The transverse impact parameter of a track, $d_{0}$, is determined by the vector product of $\vec{r} \times \vec{p}$, where $\vec{r}$ is the transverse displacement vector of the point of closest approach (PCA) w.r.t the origin $(0,0)$, and $\vec{p}$ is the transverse momentum vector of the track at the PCA. For a straight track with $p_{\mathrm{T}} = \infty$, $d_{0}$ with the correct sign can be obtained from the following equation:

$d_{0} = x_{v} \sin{\phi} - y_{v} \cos{\phi}$

where $\phi$ is the azimuth angle of the track momentum, $(x_{v}, y_{v})$ is the location of the production vertex.

But tracks are curved, and we cannot always approximate a curve with a straight line. To calculate the $d_{0}$ for a curved track, firstly we define the signed radius of curvature $R$:

$R = -\frac{p_{\mathrm{T}}}{0.003 q B}$

where $p_{\mathrm{T}}$ is the transverse momentum in GeV/c, $q$ is the charge of the track, $B$ is the magnetic field in Tesla, and $R$ is in cm. The constant 0.003 is the speed of light multiplied by the necessary conversion factors. The negative sign accounts for the fact that a track with negative charge rotates counter-clockwise, i.e. $\phi(r)$ increases as $r$ increases, so $R$ is positive.

The exact equation for $d_{0}$ can be obtained from the following equation:

$d_{0} = R - \operatorname{sign}(R) \cdot \sqrt{ {x_{c}}^2 + {y_{c}}^2}$

where $(x_{c}, y_{c})$ is the center of the track circle.
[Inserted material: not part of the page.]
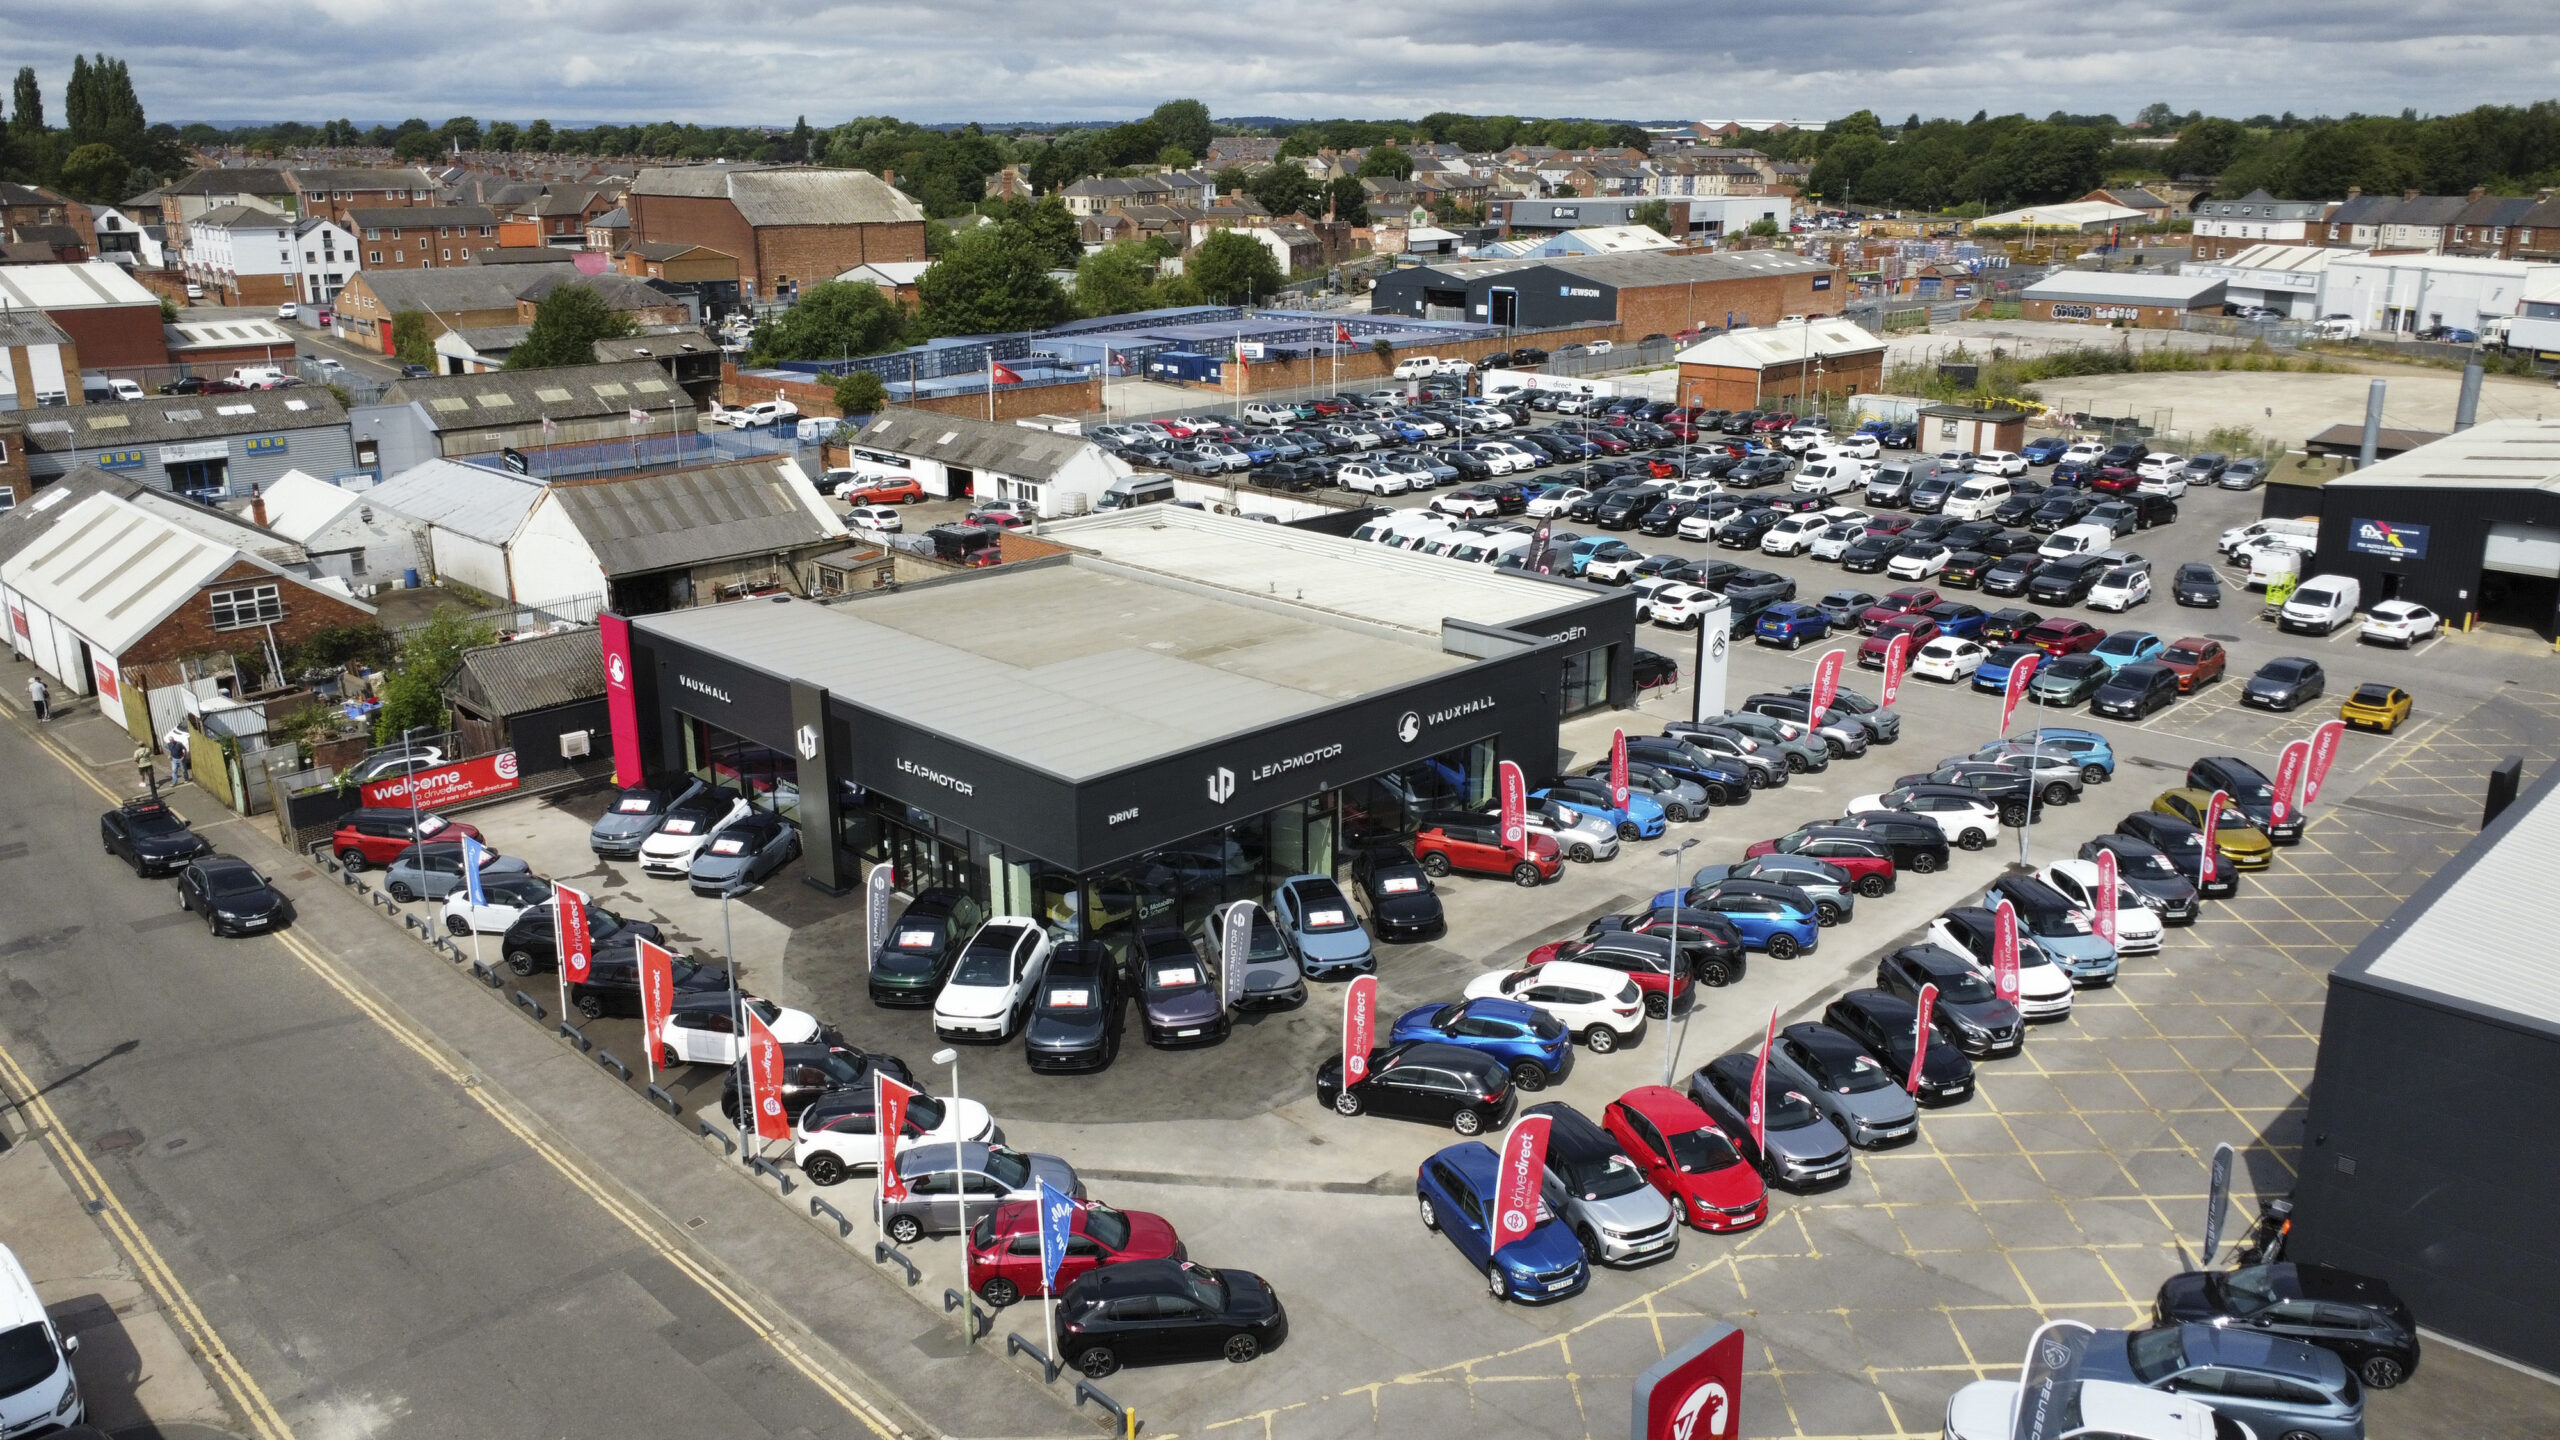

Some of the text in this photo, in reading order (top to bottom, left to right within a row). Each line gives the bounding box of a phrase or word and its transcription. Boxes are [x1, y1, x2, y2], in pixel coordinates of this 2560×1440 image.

It is related to $(x_{v}, y_{v})$ by:

$x_{c} = x_{v} - R \sin{\phi} \\ y_{c} = y_{v} + R \cos{\phi}$

Since $\operatorname{sign}(R) = -q$, the equation can also be written more clearly as:

$d_{0} = q \cdot \left(\sqrt{ {x_{c}}^2 + {y_{c}}^2} - |R|\right)$

from which we can see that the length of $d_{0}$ is given by the difference between the center of the track circle and the radius of the track curvature. The following figure shows the relationship between $d_{0}$, $R$, and $(x_{c}, y_{c})$.

Moreover, at the point of closest approach, the momentum $\phi$ is tangential to the $\phi_{\text{PCA}}$:

$\phi = \phi_{\text{PCA}} \pm \frac{\pi}{2}$

Given $d_{0}$ and momentum $\phi$ at the PCA, $(x_{\text{PCA}}, y_{\text{PCA}})$ can be found using:

$x_{\text{PCA}} = d_{0} \sin{\phi} \\ y_{\text{PCA}} = -d_{0} \cos{\phi}$